WhimberelWhimbrels (Numenius phaeopus) are members of the Sandpiper family and they also have a down-curved bill like Curlews, but the Whimbrel bill is thicker and shorter. The whimbrel body is shorter in length and measures at around  17” inches long. Whimbrels also have a dark striped head and a dark eye line that Curlews lack. Whimbrels’ feeding habits include walking on open flats and choosing items from the surface or shallow probing despite the long bill.  They prefer to pick off legs and then crush the crab’s shell before swallowing the crab’s body.

Whimbrels can be found on shores, mudflats, marshes, tundra, rocky shores, sandy beaches, salt marshes, flooded agricultural fields, and grassy fields near the coast. Whimbrels are the most widespread of the curlews, found on the coasts of six continents. Whimbrels were given their name by the English which apparently began as a loose interpretation of the bird's call.  In summer, Whimbrels breed on the Arctic tundra. In breeding season, members pair off creating a nest on the ground in a dry raised area near the low-lying wet Arctic tundra. They build a shallow nest, lined with lichen, moss, and grass. Whimbrels lay three to four eggs, olive to buff in color, speckled with shades of brown. Both parents incubate the eggs for about 24-28 days and both parents tend to their downy-covered chicks that leave the nest soon after hatching, with their first flight at 5 to 6 weeks. Whimbrel parents will attack predators including humans. 

Sooty Shearwaters (Ardenna grisea)

Sooty ShearwaterSooty Shearwaters (Listed as population near-threatened due to climate change and fishing practices) visit Pismo Beach during the summer and early fall.

Sooty Shearwaters are members of the Procellariidae family, which includes, ​​albatrosses, petrels, fulmars and shearwaters including the short-tailed shearwater and flesh-footed shearwater. They are the most abundant of the six shearwater species that visit the California Current System and are larger than other shearwaters, growing up to 17 inches (43 cm) long. They are recognized by their dark color and the pale patches under their wings that are visible when they fly.  They are called shearwaters because they glide effortlessly just above the water’s surface, between waves on taught, still wings. Sooty shearwaters are capable of pursuing their prey beneath the water up to 200 feet deep and use their wings to swim to enjoy a diet of squid, anchovy,  crustaceans, shrimp, jellies, and cephalopods. 

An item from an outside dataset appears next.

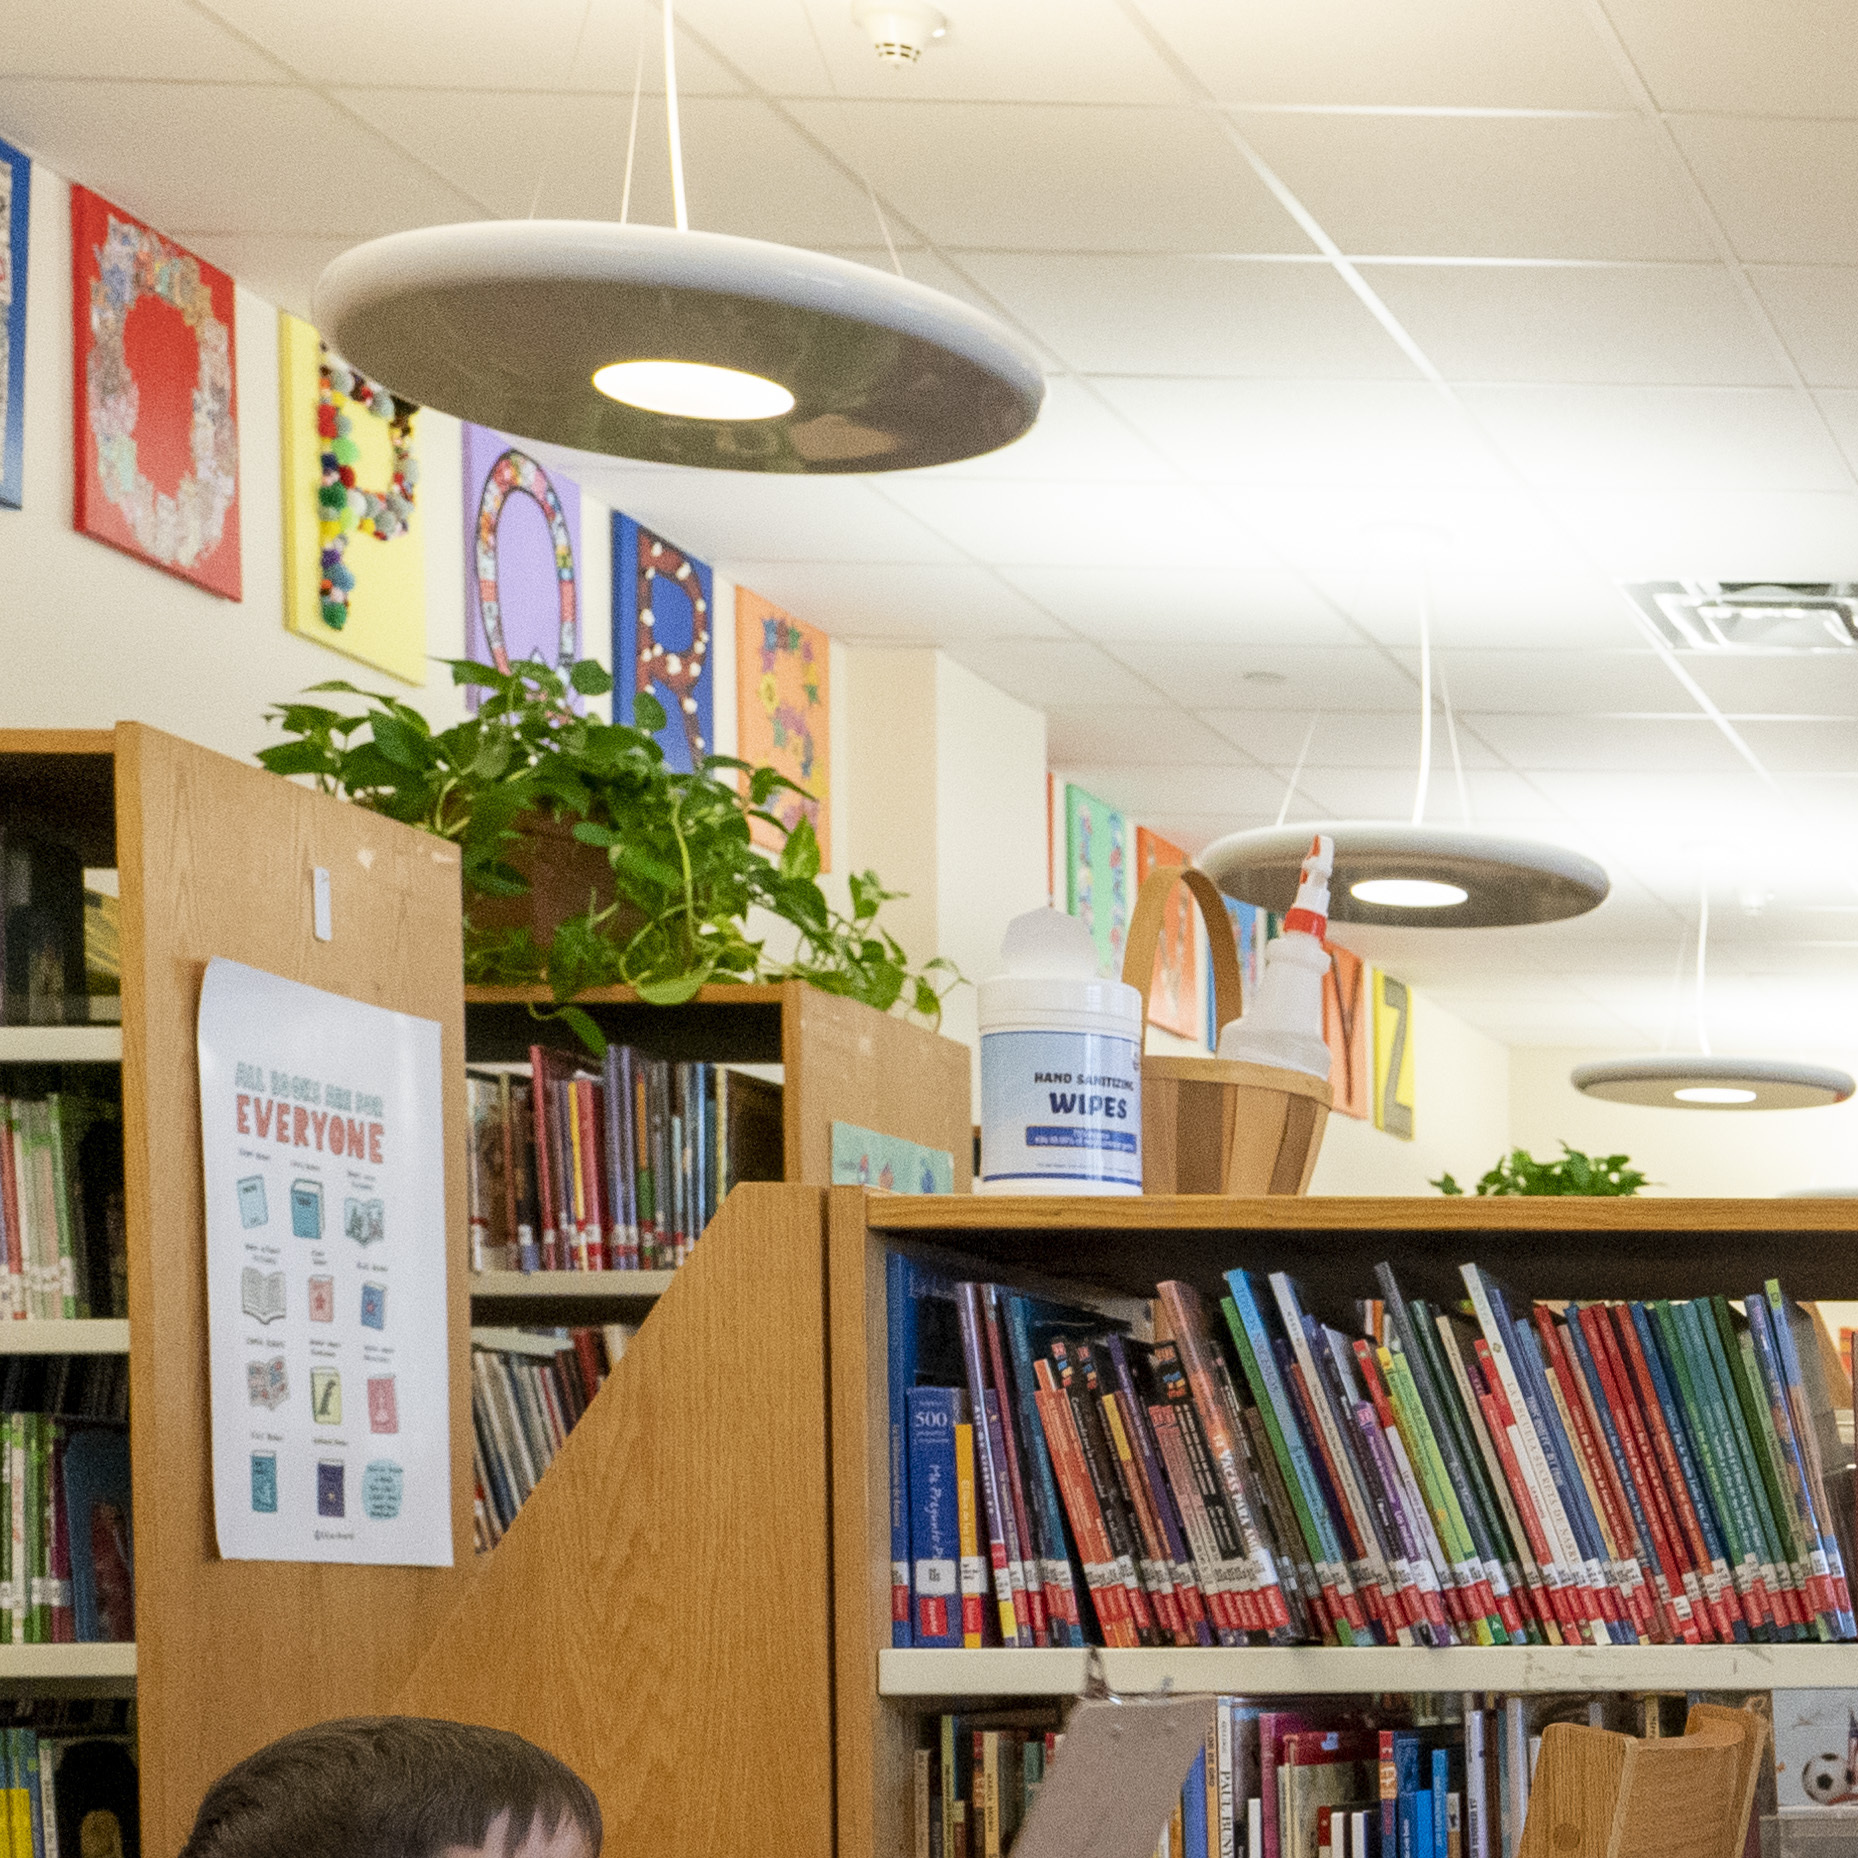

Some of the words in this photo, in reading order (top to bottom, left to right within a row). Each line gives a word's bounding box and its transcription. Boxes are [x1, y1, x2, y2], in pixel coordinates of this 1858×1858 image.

Sooty shearwaters make one of the longest migrations in the animal kingdom, traveling a round trip of 40,000 miles (64,000 kilometers) each year, making a figure-eight path from their Southern Hemisphere breeding grounds in the South Pacific and South Atlantic, to their North Pacific feeding grounds reaching into the Arctic Circle. Sooty shearwaters travel up to 620 miles (1,000 kilometers) per day during migrations.

Sooty shearwaters mate for life and for the majority of their lives, stay far from land except during breeding season. In their nesting colonies on islands near New Zealand, Australia, and Chile from September to October, each couple incubates a single egg in a burrow for two months.  After their chick hatches in January, the parents return to sea to find food from a few days to two weeks.  After around 97 days, their nestling fledges from its burrow and goes to sea until it reaches breeding age after five or more years.

Scientists believe Sooty shearwaters to be sensitive to changes in the ocean’s ecosystems.  Their worldwide population is estimated to be in the tens of millions, but has declined recently in some regions of the world. Studies have linked rising temperatures of the ocean’s surface to be responsible for the dramatic drop in summer sightings along the Pacific Northwest. In addition to climate change, longline fishing techniques, casting thousands of baited hooks on a single suspended line, entice the shearwaters to chase their bait, and consequently ensnare the seabirds on the hook, causing them to drown. Conservationists believe that if the longlines were to be weighted and cast deeper than the birds dive, this could reduce the number of unintended deaths of the sooty shearwaters.

Enjoy bird watching in Pismo Beach by walking along the seashore, strolling the pier, and from the high vantage points offered from the Cliffs at Dinosaur Caves Park and the many lookout spots at the Pismo Preserve!